When you start thinking about automation, the mind just boggles. We've really embraced automation using the philosophy of time matters. So we're measuring the benefit of our robots by the amount of staff hours released. So whilst things like cost saving and cash released are a secondary sideline, we’re focusing on releasing time.

So we've got staff from all areas of the business coming to us now saying can we have a virtual worker to help us? And what that's done is it really has opened up the supportive communication culture.

Atkins said that now the Trust has an ambitious plan to implement three new processes a month. For example, the Trust is creating a patient portal to allow patients to engage directly with the organisation, but is using virtual workers to help with some of that. So, for maternity self referral, an expectant parent can submit a secure online form, a virtual worker will pick it up, register the patient, book the appointment and straight away let the patient know when they have to appear at the hospital.

Share and share alike

Atkins was also keen to highlight that he is willing, and hoping, to share the work him and his team have done on the Thoughtonomy platform with other NHS organisations. He said:

We’ve built it on a platform that we’re willing to share with other NHS organisations. I’m talking to a number of organisations to see if they want to join us. There’s no reason why in the future, I couldn’t share my virtual worker staff with other organisations.

The beauty of that is that the NHS is spending less money, it means the cost of entry into automation and the health cloud is cheaper. They could be up and running very, very quickly.

And if the response from medical staff at ESNEFT is anything to go by, there could well be appetite for use of the technology elsewhere.

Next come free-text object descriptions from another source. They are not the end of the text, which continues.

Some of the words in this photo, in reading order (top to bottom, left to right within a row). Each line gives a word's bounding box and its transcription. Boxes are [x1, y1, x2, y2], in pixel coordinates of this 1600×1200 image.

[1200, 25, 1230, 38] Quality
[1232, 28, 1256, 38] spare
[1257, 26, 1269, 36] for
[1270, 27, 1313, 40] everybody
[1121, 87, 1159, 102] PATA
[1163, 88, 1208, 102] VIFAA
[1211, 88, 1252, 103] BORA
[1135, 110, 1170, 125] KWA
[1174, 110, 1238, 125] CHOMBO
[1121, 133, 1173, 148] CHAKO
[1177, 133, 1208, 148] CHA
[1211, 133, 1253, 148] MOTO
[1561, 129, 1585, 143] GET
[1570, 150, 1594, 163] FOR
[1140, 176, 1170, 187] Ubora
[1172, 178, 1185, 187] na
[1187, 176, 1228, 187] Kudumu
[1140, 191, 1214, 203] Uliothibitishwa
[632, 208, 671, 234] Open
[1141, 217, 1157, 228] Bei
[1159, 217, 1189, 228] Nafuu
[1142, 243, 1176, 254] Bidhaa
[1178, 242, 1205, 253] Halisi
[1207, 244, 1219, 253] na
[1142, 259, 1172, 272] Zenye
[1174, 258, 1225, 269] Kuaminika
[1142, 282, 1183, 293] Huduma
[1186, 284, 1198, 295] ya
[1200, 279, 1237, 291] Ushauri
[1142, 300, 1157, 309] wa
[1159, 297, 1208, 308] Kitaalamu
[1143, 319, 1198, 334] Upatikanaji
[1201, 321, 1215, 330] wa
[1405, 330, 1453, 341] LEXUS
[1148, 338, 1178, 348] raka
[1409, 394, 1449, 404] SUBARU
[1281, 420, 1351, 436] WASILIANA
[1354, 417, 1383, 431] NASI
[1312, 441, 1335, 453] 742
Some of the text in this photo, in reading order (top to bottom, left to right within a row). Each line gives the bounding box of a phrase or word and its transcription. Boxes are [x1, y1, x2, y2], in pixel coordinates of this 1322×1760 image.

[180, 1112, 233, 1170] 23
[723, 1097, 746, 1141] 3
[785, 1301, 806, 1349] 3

In terms of our medical secretaries, they were saying to me, “I've now got time to spend with patients on the phone”. A lot of time they were under so much pressure to get their referral work done, didn’t even have time to answer the phone.

So they're now talking to patients directly, you know, giving them help and advice.

Atkins added that because the virtual workers are taking the mundane and manual out of the staff’s day jobs, it’s also been the easiest change management programme he’s been involved in. He said:

Automation isn't about changing processes, it’s about taking bad processes and allowing the robots to do them. They're happy to do that 24 hours a day. Also the importance around automating certain processes is that it's very low touch in terms of change management.

So, the only change management I had to say to our medical secretaries is - “just stop doing the work”

That is the easiest change for anybody to accept. That's why it's been so successful.